A mammoth bone of contention that often arises is the issue of code clarity. If a neophyte programmer presents code to veterans, the latter will suggest all sorts of optimizations to abbreviate the code. This issue is more acute with Perl than perhaps with any other language ever invented. Even more vexingly, an expert programmer showing code to novices will hear all kinds of standard idioms attacked as “obfuscated,” “too clever,” or “incomprehensible.”

There is no universal solution to this problem. If the practice at your business is to code at the level of the lowest common denominator, then the presence of a beginner will drag the whole team down. If the practice is to code to the level of the majority then the value of an expert will be diminished by an average team. On the other hand, the expert's code will be useless to the company if no one who's left on the team can understand it after the expert leaves (although it might motivate some of them to improve their skills). Only a wise manager can decide what's right for their team. If you're managing a team that harbors a prima donna, try suggesting to that person that the greatest wizard of all is the one who can present an advanced idiom in a way that makes it understandable to novices.[1]

[1] If they pooh-pooh this suggestion, refer them to the writings of physicist Richard Feynmann, who is probably one of their heroes, and who firmly believed that any physical principle that was truly understood could be explained at the high school level.

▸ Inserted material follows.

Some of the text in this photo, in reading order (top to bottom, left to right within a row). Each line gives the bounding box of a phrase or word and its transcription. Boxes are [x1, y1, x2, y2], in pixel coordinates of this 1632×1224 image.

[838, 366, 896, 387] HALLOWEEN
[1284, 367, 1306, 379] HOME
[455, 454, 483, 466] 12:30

The one tip we can offer is to use standard idioms and styles wherever possible. If you code something in a way that is familiar to other people, then even if they don't work at your business they can be hired, or other team members can learn the idiom as it is shared through books and the Internet. If a reviewer says you've coded something for which a well-known idiom exists, find out what that idiom is. The benefit in this respect of frequenting Internet newsgroups and mailing lists is huge.

If you're creating large systems in Perl, they should almost certainly be broken down along object-oriented lines. It will be much easier to understand each object class one at a time.

You might also consider the CPAN module B::Fathom. This generates a score representing a measure of complexity of the code it is fed.